Aslanian: And so far, Cohen says, the news is pretty good.

Cohen: There are essentially no reports that suggest that using SSRIs during the first trimester of pregnancy increases the risk for organ malformations. And that's a very reassuring message.

Aslanian: Cohen says while the information about SSRIs isn't perfect, it's his sense that if there were some serious negative outcome, it would have surfaced by now.

Dr. Sandy Zeskind views the safety data in a different light.

Sandy Zeskind: Studies that have found no effects, no adverse effects of moms taking SSRIs during pregnancy, are really based on such outcomes as the baby is low-birthweight, or premature, or if there are gross physical anomalies. And those are the kinds of measures that, quite honestly, are the same ones that ancient Sparta used to determine whether a baby was healthy or not.

Aslanian: Zeskind directs neurodevelopmental research at Carolinas Medical Center in Charlotte. He testified before the FDA advisory panel that, although SSRI-exposed babies may look like healthy full-term babies, when closely observed right after birth, they display subtle neurological problems.

Zeskind: Babies whose moms used SSRIs during pregnancy were significantly more tremulous. They had these nervous shakes, much more than other babies. They also startled more.

Aslanian: But, Dr. Cohen, of Mass General, sent a letter to the FDA as a consultant for Prozac-maker Eli Lilly, pointing out these symptoms in newborns also show up in babies whose mothers were depressed and not on medication.

Cohen: And until we have better studies, it'll be very hard to tease out the effects of being on those medications and the effects of being exposed to depression.

Aslanian: In the face of this uncertainty, pregnant women need to make choices.

Psychiatrist Helen Kim counsels patients daily at Hennepin Women's Mental Health Program in Minneapolis. She tries to put the FDA warning in the context of the woman's own history of depression.

Helen Kim: Ultimately, when you are face-to-face with a woman struggling with depression or anxiety during or after her pregnancy, her experience of illness is, I think, the most important determinant of the right thing to do. And I can have the same conversation with a room full of women and that room full of women as individuals will make very different decisions based on their own perception of risk.

Aslanian: Women must also decide what do to about medication in the post-partum period, particularly if they want to breastfeed. The American Academy of Pediatrics says the effects of antidepressants on nursing babies are unknown, but may be of concern.

But forgoing treatment could mean exposing a baby to depression in his or her first crucial relationship.

Ed Tronick, a developmental psychologist at Harvard University, has spent 30 years filming the moment-by-moment interactions between depressed mothers and their babies.

[Videotape sound]

Ed Tronick: The mother is reaching to take the baby's hand and the baby's pulling her hand away. Now, here's a smile, but when she smiles, the baby's looking away so she goes flat again.
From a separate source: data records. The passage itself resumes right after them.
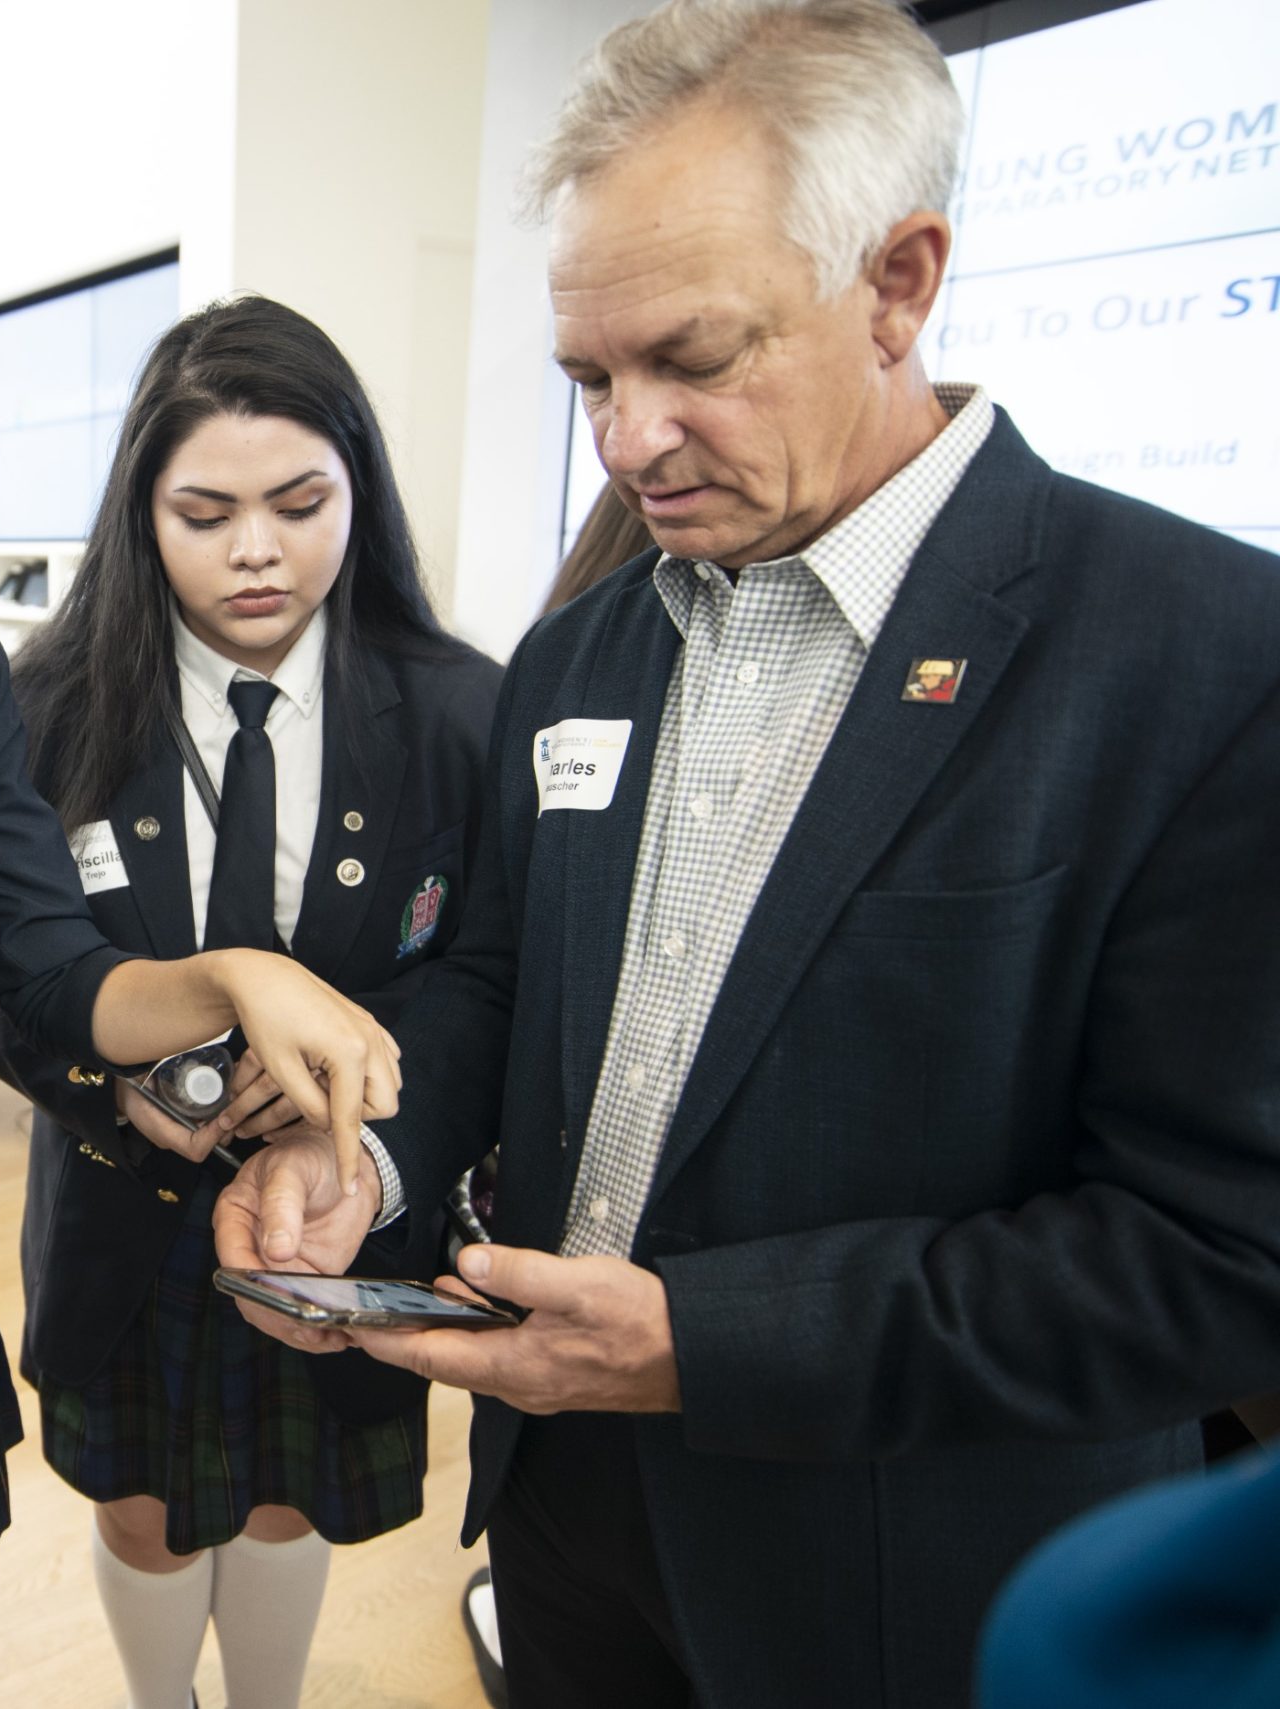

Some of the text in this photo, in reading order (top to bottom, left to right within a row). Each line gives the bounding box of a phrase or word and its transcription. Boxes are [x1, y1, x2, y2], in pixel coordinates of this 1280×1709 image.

[959, 101, 1278, 192] UNG WOM
[958, 142, 1280, 220] PARATORY NET
[1014, 302, 1071, 340] To
[1091, 293, 1201, 332] Our
[1219, 274, 1280, 318] ST
[1138, 437, 1241, 469] Build
[78, 848, 121, 869] iscilla
[85, 870, 106, 880] Trejo
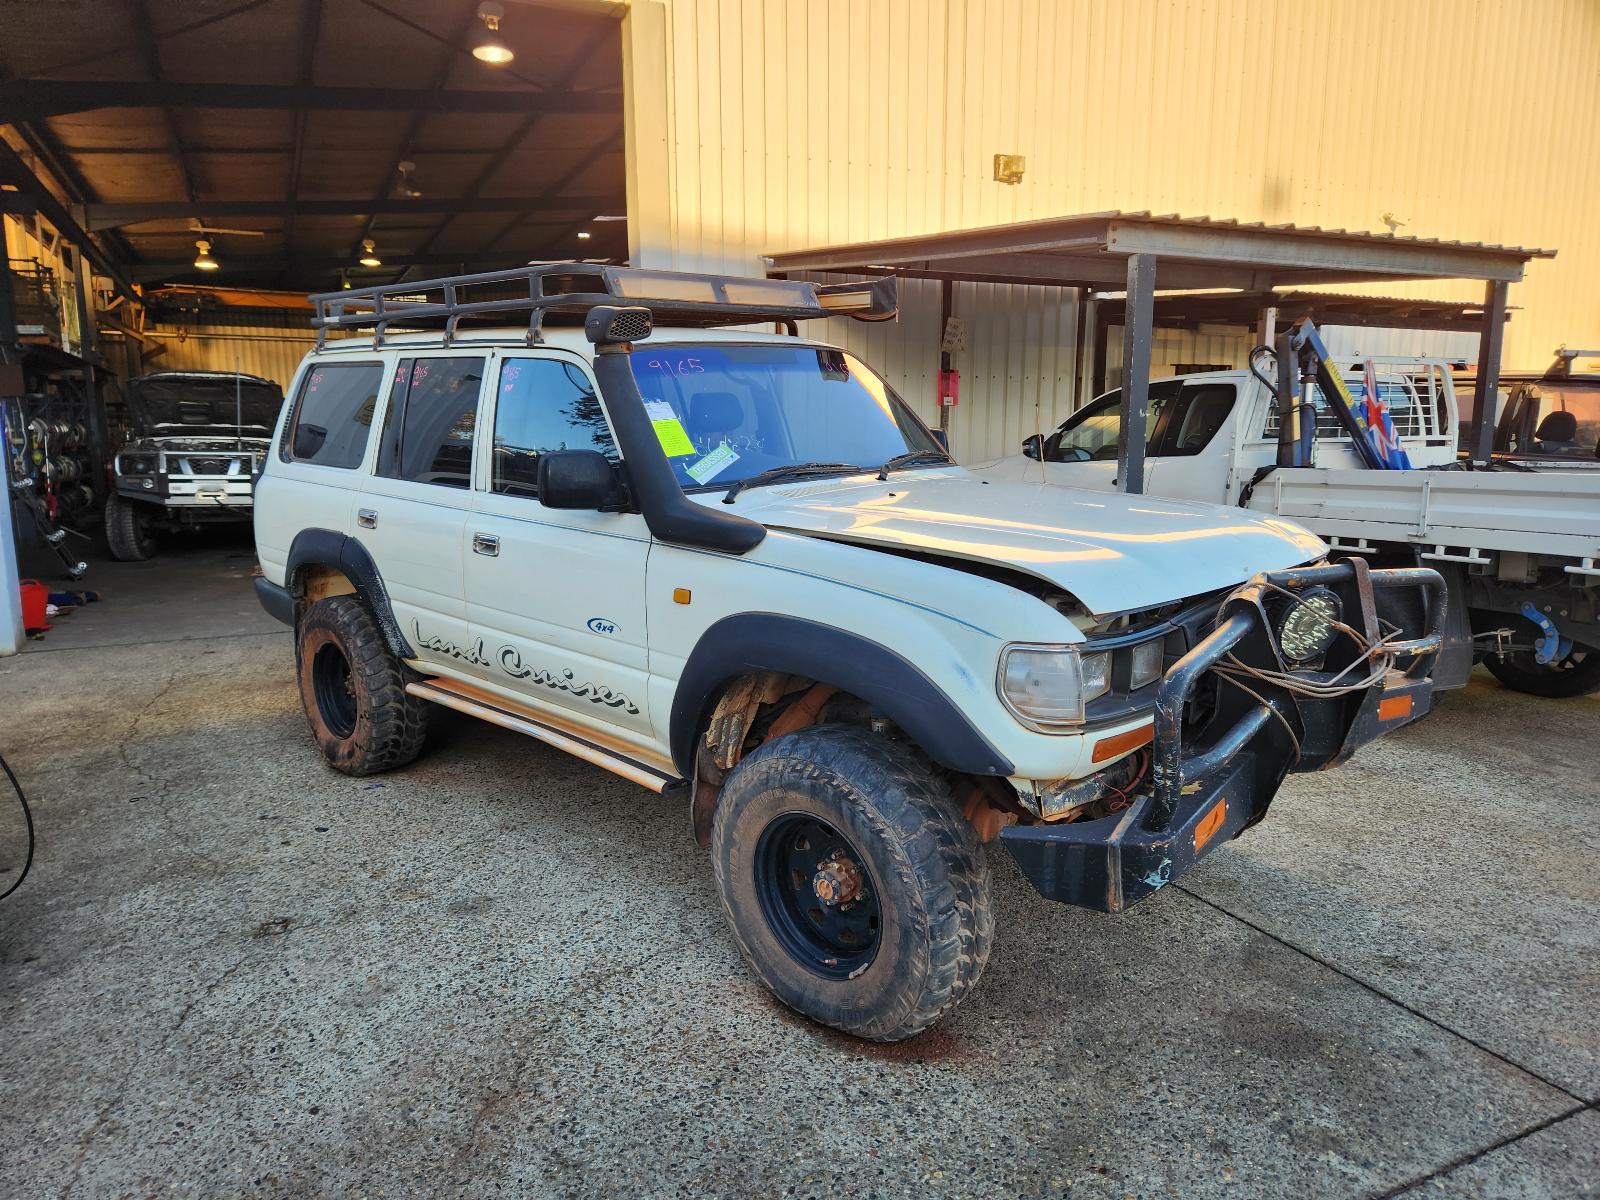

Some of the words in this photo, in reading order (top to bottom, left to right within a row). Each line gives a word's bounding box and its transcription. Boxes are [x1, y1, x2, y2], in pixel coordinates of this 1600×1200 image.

[648, 358, 705, 378] 9165
[595, 621, 615, 634] 4x4
[411, 616, 491, 667] Land
[496, 644, 640, 715] Cruiser
It's almost like she gives up on the interaction.

Aslanian: Over time, the missteps add up. Tronick says the baby displays sadness and irritability and starts to take on the mother's depressed affect. Tronick says he's come to see depression as a communicable disease, transferred through a mother's communication to her baby.

[Baby sounds]

Aslanian: Amy Newell, a 29-year-old mother in Brookline, Massachusetts is trying to spare her one-year old son Ari her history of depression. She's concerned about his vulnerability to what she calls "the black hole of depression," so she's vigilant about taking care of her own mental health.
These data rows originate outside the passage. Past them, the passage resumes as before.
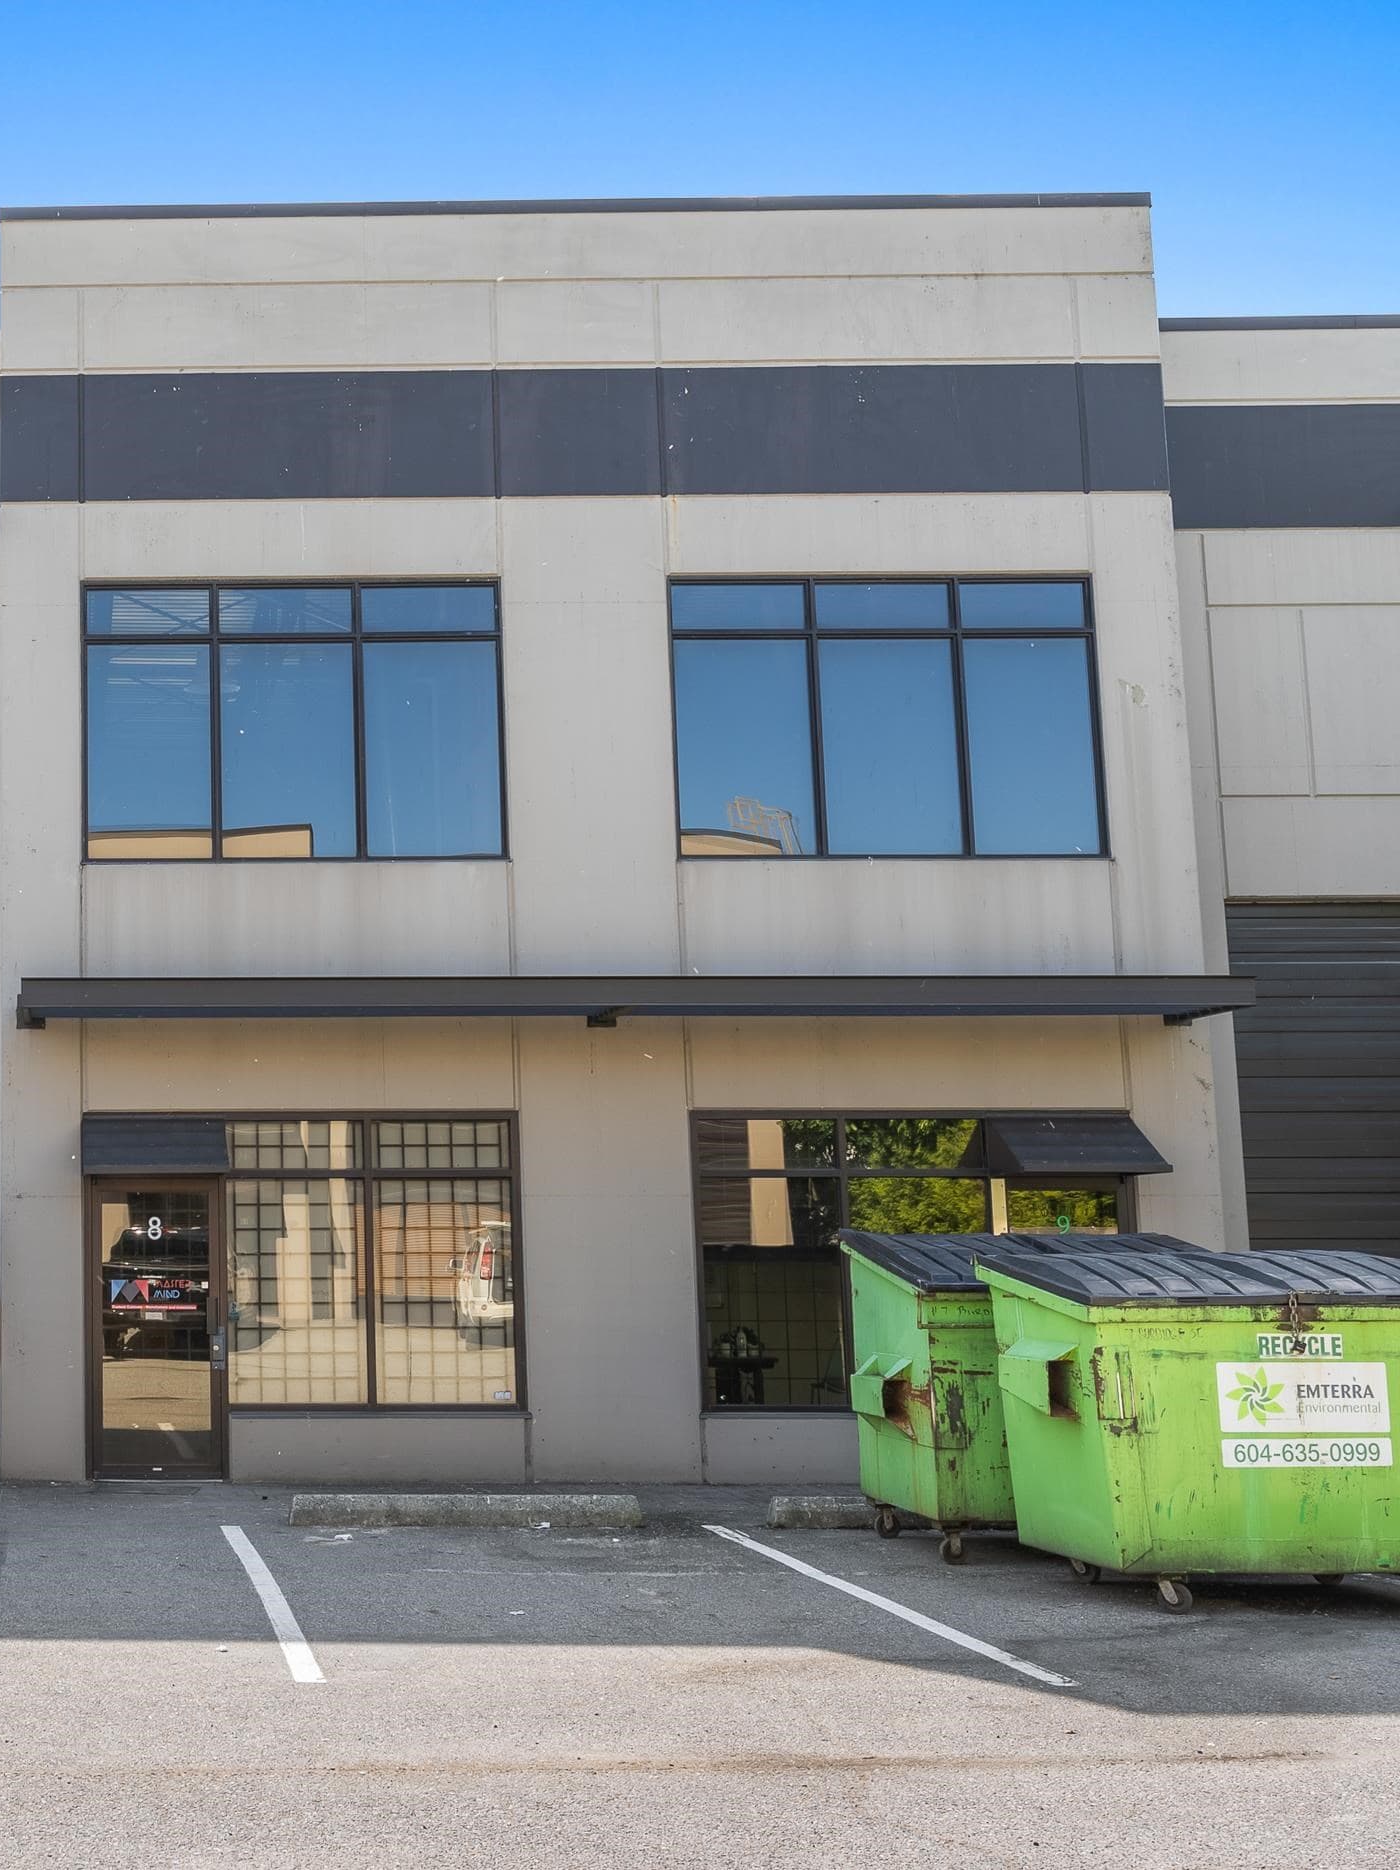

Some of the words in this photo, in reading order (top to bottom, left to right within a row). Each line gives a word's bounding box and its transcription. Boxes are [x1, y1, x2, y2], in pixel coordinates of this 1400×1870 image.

[147, 1216, 162, 1241] 8
[1057, 1215, 1070, 1235] 9
[153, 1289, 181, 1299] MIND
[1296, 1384, 1375, 1399] EMTERRA
[1297, 1402, 1381, 1415] Environmental
[1233, 1442, 1381, 1463] 604-635-0999
Amy Newell: Every mood that I have, Ari gets to share. I don't think that means that I have to be happy all the time, but it means that I have to model good management of my moods. And I try to plan for what would I do if I had a major depressive episode again. Obviously, my first priority would be to insulate Ari as much as possible from the effects of that.

Aslanian: Since ten-percent of pregnant women suffer from depression, experts in the field of perinatal psychiatry say finding better ways to insulate children from depression, as well as medication, is a top priority.

For NPR News and American Radio Works, I'm Sasha Aslanian.